A Reinvestigation of the Dimer of para-Benzoquinone with Pyrimidine with MP2, CCSD(T) and DFT using Functionals including those Designed to Describe Dispersion

Abstract

We reevaluate the interaction of pyridine and p-benzoquinone using functionals designed to treat dispersion. We compare the relative energies of four different structures: stacked, T-shaped (identified for the first time) and two planar H-bonded geometries using these functionals (B97-D, ωB97x-D, M05, M05-2X, M06, M06L, M06-2X), other functionals (PBE1PBE, B3LYP, X3LYP), MP2 and CCSD(T) using basis sets as large as cc-pVTZ. The functionals designed to treat dispersion behave erratically as the predictions of the most stable structure vary considerably.

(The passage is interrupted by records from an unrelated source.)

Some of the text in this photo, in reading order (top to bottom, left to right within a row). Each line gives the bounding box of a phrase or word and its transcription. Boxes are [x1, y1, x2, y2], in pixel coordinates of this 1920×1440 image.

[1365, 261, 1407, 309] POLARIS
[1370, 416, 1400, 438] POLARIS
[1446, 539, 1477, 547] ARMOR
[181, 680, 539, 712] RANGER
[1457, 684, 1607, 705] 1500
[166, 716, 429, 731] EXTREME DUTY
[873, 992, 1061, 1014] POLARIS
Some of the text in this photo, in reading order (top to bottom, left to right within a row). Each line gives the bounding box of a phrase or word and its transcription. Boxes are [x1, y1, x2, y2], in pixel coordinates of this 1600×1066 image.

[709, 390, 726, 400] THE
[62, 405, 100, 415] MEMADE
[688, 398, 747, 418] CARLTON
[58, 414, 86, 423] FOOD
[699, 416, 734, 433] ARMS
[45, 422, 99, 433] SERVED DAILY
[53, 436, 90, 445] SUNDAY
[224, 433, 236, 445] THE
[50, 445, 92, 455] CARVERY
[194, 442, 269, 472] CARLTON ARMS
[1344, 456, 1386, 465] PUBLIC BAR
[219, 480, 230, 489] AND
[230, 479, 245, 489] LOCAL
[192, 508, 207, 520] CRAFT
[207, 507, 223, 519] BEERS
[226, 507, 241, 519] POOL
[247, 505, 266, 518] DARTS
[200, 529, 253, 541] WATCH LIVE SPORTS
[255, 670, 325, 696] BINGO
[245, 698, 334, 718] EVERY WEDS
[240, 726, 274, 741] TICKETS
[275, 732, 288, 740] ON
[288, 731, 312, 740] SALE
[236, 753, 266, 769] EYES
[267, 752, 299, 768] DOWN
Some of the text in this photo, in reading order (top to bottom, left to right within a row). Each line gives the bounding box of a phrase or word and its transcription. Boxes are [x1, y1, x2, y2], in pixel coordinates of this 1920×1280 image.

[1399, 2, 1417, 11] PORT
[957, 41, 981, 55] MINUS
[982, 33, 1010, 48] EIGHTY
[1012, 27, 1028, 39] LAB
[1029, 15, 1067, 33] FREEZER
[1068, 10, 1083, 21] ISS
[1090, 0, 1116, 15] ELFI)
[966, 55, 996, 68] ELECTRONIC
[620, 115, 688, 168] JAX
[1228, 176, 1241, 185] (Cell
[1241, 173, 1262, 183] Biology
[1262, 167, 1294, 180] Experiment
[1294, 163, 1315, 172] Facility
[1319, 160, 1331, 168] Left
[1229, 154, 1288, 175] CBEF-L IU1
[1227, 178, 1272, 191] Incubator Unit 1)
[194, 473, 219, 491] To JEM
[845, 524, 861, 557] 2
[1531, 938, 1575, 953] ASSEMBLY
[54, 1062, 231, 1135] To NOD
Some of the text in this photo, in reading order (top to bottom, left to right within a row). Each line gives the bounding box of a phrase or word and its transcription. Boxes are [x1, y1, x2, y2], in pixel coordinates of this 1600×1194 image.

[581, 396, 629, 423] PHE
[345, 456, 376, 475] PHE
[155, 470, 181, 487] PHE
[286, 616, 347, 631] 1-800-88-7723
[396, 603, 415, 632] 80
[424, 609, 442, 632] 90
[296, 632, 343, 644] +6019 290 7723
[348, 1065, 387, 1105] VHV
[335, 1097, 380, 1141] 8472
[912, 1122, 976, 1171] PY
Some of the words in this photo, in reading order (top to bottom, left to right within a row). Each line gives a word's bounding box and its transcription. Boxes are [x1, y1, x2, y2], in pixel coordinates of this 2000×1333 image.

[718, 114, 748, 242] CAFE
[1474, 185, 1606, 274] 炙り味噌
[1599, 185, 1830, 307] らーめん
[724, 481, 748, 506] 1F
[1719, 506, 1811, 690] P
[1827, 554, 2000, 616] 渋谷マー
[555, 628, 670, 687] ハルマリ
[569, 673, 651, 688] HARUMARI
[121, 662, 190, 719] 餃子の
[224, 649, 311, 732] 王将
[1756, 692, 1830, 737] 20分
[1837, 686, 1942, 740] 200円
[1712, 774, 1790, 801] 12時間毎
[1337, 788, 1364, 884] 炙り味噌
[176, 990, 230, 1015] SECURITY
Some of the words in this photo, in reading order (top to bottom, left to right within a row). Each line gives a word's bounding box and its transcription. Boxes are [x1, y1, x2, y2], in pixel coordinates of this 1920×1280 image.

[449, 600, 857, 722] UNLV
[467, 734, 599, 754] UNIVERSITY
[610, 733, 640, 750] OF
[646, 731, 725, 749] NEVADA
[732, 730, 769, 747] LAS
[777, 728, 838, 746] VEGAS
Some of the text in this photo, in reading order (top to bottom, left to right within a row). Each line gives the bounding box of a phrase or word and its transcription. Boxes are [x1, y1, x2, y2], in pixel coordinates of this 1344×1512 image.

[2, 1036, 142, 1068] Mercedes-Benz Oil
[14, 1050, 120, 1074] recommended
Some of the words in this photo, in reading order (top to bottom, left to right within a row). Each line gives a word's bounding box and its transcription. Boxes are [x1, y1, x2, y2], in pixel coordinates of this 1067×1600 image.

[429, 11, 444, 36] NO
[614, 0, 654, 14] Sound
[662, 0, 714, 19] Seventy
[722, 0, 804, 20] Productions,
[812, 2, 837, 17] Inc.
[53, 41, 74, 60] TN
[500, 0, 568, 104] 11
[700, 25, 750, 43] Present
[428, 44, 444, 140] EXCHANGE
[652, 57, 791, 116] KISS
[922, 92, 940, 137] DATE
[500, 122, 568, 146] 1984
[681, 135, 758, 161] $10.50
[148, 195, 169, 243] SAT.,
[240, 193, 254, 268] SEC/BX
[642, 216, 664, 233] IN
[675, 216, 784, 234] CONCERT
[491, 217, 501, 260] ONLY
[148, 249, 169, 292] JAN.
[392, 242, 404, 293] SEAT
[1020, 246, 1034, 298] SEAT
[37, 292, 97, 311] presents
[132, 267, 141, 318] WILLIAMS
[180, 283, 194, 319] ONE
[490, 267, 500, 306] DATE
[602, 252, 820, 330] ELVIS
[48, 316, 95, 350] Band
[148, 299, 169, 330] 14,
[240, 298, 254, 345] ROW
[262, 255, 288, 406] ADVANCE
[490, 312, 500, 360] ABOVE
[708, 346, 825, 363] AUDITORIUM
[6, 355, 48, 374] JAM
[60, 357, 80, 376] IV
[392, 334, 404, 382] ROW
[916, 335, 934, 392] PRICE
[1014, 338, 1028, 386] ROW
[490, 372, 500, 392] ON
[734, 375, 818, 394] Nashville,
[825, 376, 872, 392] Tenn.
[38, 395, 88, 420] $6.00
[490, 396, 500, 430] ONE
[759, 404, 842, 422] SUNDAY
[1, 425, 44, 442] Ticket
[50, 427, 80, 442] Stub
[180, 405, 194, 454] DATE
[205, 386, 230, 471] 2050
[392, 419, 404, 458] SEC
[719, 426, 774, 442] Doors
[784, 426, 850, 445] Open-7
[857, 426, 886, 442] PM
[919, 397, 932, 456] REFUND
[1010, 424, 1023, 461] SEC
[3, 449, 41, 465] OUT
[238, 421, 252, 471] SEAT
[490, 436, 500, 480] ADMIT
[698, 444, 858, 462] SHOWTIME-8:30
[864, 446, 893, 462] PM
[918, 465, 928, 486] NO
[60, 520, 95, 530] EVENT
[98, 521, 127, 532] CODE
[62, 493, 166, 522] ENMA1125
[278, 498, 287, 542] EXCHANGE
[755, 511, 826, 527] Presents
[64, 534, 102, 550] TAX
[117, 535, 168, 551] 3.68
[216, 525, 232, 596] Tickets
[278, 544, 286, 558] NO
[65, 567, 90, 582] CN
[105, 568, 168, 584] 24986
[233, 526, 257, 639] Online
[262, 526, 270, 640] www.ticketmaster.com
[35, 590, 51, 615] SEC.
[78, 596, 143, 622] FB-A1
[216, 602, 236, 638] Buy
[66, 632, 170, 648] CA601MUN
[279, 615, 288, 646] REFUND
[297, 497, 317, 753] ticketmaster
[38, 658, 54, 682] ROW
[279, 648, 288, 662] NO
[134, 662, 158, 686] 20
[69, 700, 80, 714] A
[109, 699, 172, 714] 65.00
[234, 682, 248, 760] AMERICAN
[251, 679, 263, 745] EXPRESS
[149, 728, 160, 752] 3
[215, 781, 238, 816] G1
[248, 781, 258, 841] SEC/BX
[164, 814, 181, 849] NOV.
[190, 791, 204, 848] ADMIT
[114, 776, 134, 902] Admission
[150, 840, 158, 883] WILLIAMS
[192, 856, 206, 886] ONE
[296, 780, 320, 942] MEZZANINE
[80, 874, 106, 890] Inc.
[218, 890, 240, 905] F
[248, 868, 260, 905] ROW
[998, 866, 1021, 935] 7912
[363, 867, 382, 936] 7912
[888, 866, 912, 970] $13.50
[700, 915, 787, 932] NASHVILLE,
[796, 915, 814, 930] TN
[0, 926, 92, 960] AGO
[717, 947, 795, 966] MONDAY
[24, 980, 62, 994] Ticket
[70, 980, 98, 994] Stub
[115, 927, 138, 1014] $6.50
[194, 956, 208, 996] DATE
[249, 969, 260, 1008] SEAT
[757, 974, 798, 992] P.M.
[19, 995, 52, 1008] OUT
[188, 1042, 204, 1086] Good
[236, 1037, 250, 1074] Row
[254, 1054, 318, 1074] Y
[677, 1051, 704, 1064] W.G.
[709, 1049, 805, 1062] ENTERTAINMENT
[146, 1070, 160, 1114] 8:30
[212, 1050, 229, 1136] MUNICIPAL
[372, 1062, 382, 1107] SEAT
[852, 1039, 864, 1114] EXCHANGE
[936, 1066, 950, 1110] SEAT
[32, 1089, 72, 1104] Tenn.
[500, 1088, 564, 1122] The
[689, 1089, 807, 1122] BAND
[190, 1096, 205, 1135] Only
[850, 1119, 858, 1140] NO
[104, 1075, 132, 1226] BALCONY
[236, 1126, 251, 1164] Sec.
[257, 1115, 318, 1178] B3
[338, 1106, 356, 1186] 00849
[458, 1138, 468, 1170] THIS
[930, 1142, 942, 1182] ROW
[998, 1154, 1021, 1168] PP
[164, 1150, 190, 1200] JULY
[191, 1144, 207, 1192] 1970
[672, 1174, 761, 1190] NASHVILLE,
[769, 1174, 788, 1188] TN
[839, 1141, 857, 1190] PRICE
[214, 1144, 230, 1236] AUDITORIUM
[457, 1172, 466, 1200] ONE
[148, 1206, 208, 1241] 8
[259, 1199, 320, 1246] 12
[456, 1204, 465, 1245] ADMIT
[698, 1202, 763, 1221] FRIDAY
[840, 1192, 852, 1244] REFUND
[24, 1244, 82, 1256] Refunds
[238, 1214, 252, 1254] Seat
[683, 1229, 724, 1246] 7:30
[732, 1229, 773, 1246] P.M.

MP2 predicts the experimentally observed structure (H-bonded) to be the least stable, while single point CCSD(T) at the MP2 optimized geometry correctly predicts the observed structure to be most stable. We have confirmed the assignment of the experimental structure using new calculations of the vibrational frequency shifts previously used to identify the structure. The MP2/cc-pVTZ vibrational calculations are in excellent agreement with the observations. All methods used to calculate the energies provide vibrational shifts that agree with the observed structure even though most do not predict this structure to be most stable. The implications for evaluating possible π-stacking in biologically important systems are discussed.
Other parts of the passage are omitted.